**Task objective:**
Restate the records in full and exactly, with no images included.

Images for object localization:
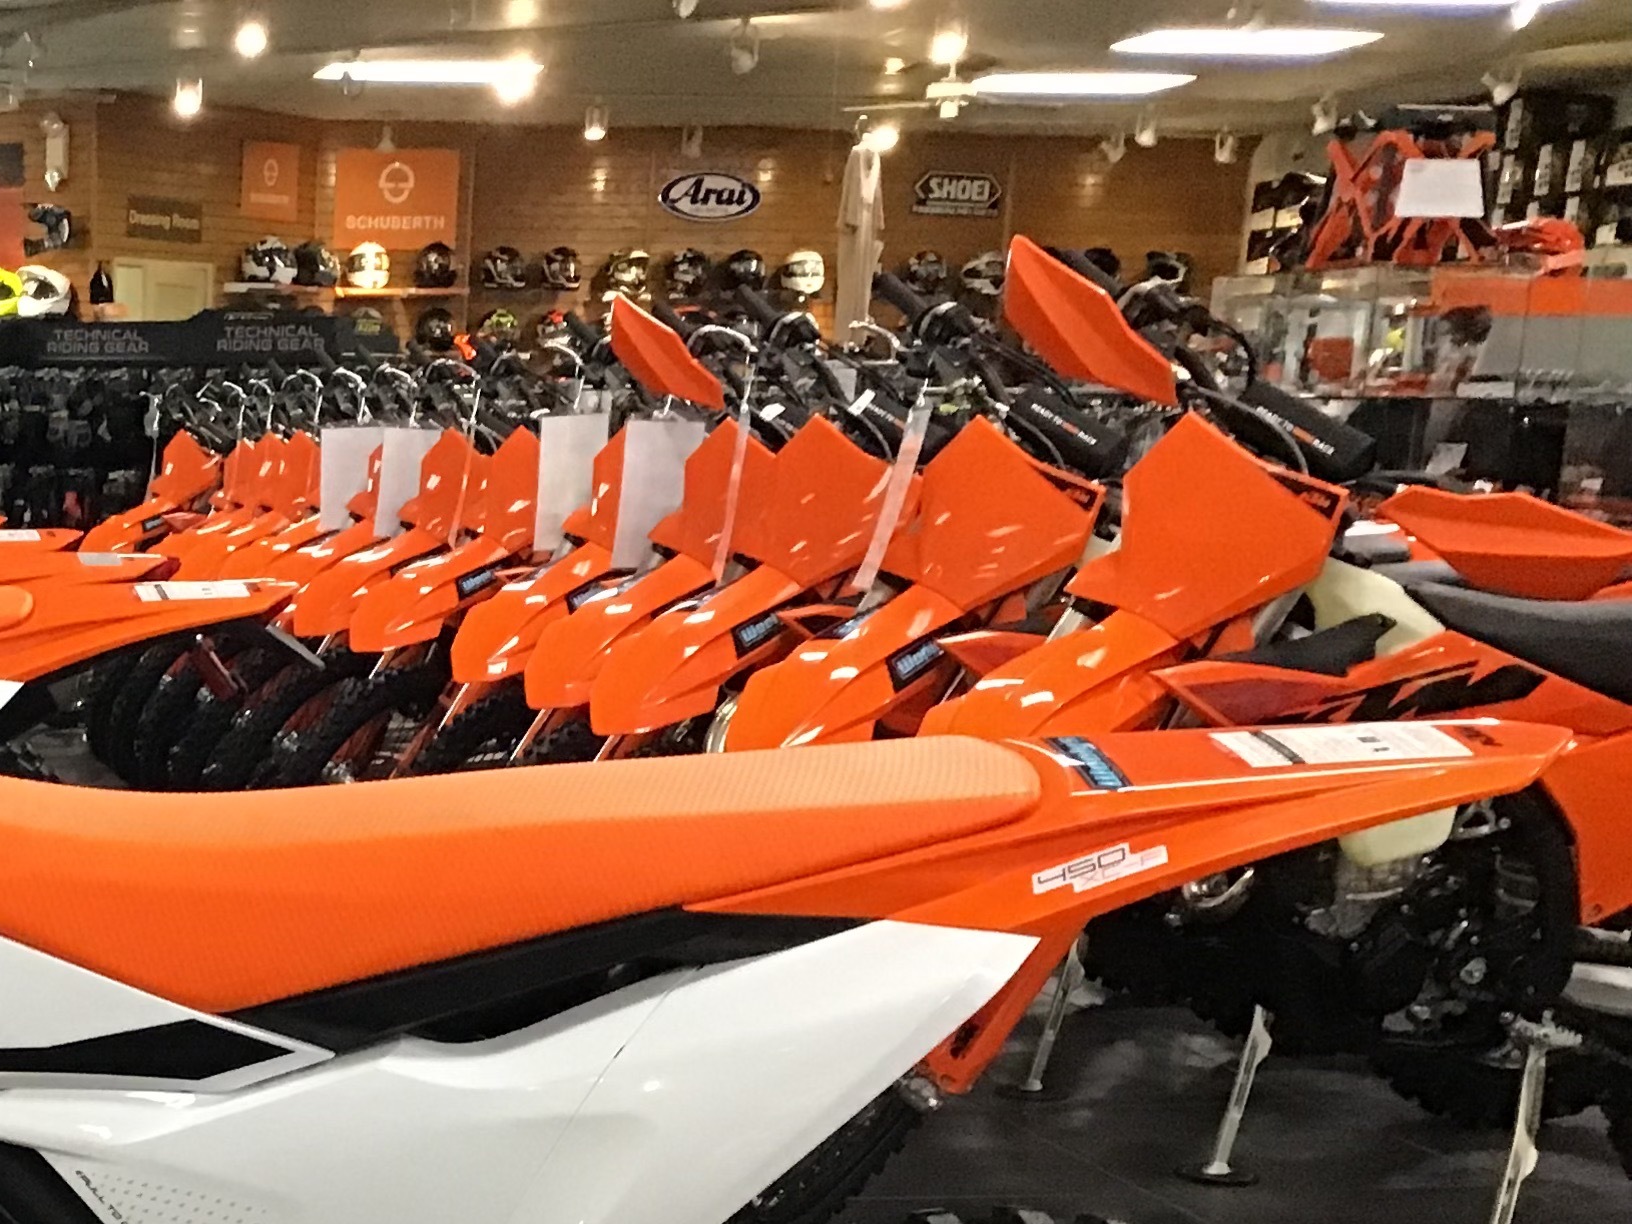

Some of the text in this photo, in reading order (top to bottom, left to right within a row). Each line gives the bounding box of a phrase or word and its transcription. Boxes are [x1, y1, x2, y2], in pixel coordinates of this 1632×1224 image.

[668, 176, 746, 206] Arai
[928, 177, 990, 202] SHOEI
[346, 214, 446, 230] SCHUBERTH
[53, 329, 144, 341] TECHNICAL
[223, 325, 320, 338] TECHNICAL
[47, 341, 150, 354] RIDING GEAR
[216, 337, 326, 352] RIDING GEAR
[1037, 848, 1126, 885] 450
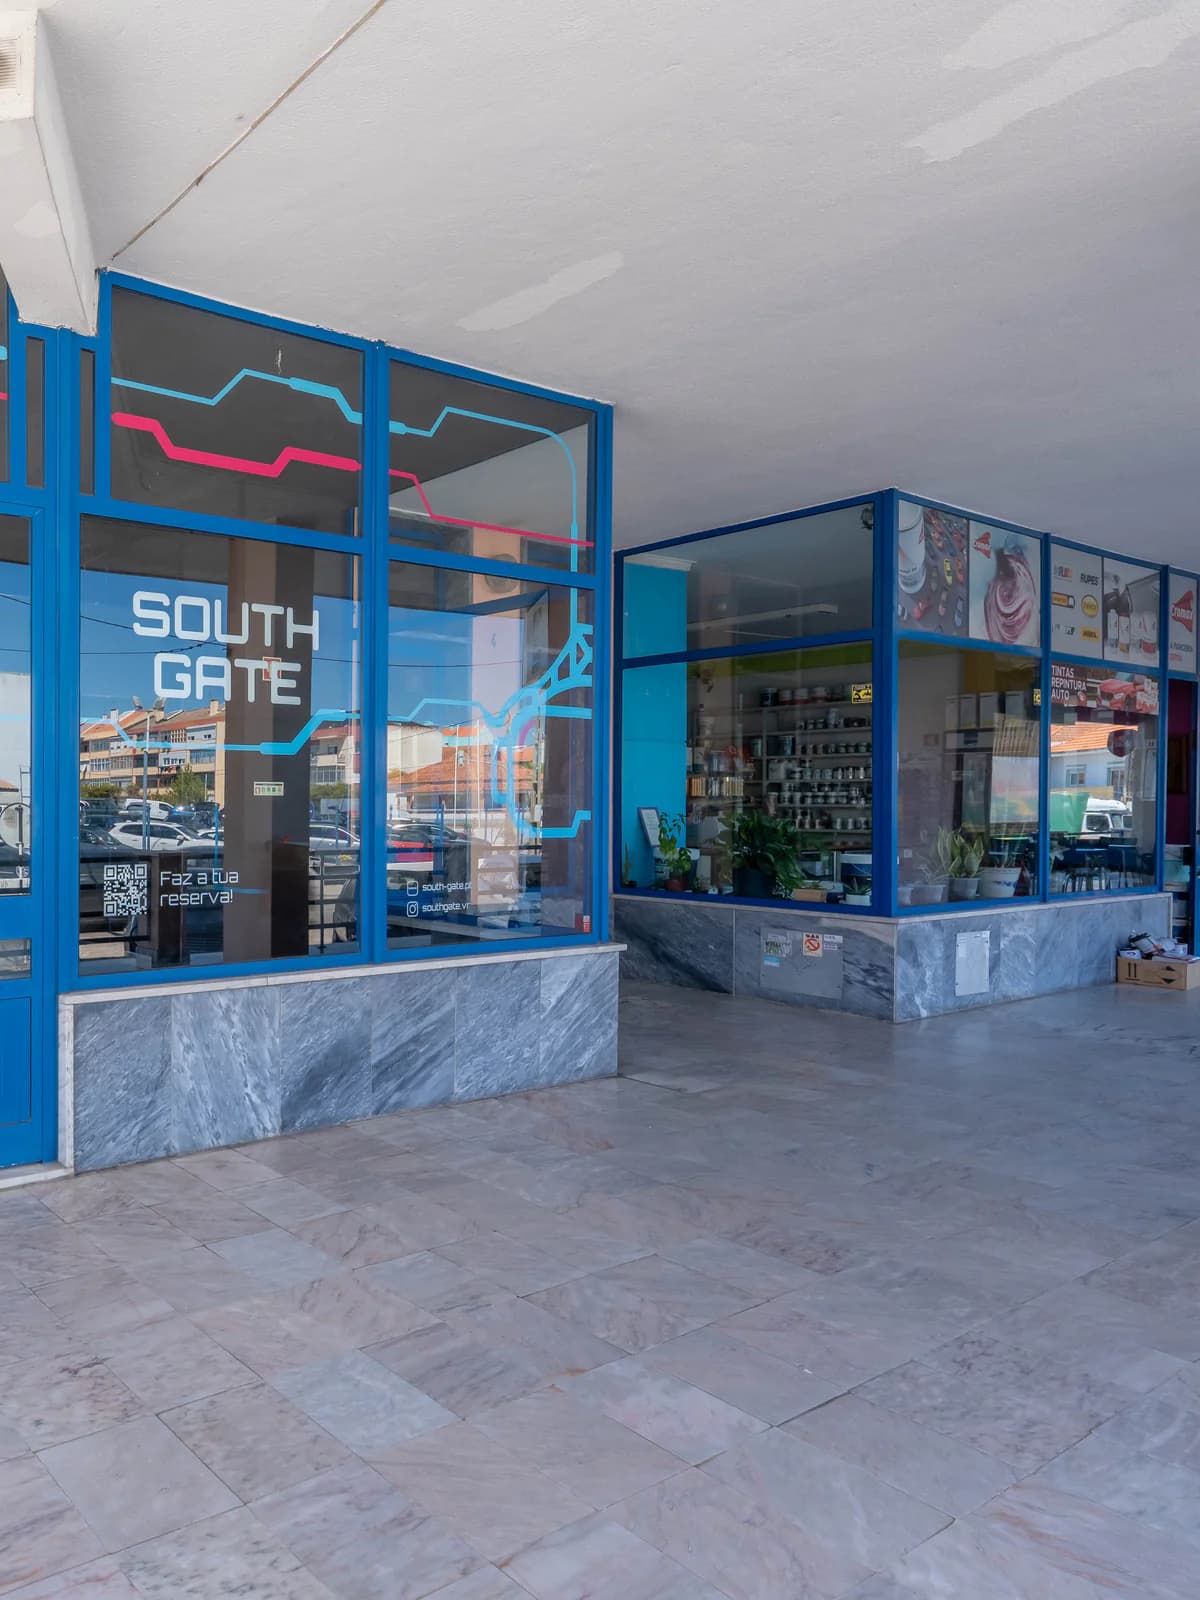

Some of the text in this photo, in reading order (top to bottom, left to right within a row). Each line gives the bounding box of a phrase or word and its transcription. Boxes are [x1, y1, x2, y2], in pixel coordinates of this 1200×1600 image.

[133, 590, 320, 651] SOUTH
[153, 653, 301, 705] GATE
[1051, 665, 1075, 678] TINTAS
[1051, 677, 1087, 691] REPINTURA
[1051, 689, 1070, 700] AUTO
[160, 870, 239, 887] Faz a tua
[160, 889, 233, 907] reserva!

**Solution below:**
Some of the text in this photo, in reading order (top to bottom, left to right within a row). Each line gives the bounding box of a phrase or word and its transcription. Boxes are [x1, y1, x2, y2], in pixel coordinates of this 1632×1224 image.

[668, 176, 746, 206] Arai
[928, 177, 990, 202] SHOEI
[346, 214, 446, 230] SCHUBERTH
[53, 329, 144, 341] TECHNICAL
[223, 325, 320, 338] TECHNICAL
[47, 341, 150, 354] RIDING GEAR
[216, 337, 326, 352] RIDING GEAR
[1037, 848, 1126, 885] 450

Some of the text in this photo, in reading order (top to bottom, left to right within a row). Each line gives the bounding box of a phrase or word and its transcription. Boxes are [x1, y1, x2, y2], in pixel coordinates of this 1200×1600 image.

[133, 590, 320, 651] SOUTH
[153, 653, 301, 705] GATE
[1051, 665, 1075, 678] TINTAS
[1051, 677, 1087, 691] REPINTURA
[1051, 689, 1070, 700] AUTO
[160, 870, 239, 887] Faz a tua
[160, 889, 233, 907] reserva!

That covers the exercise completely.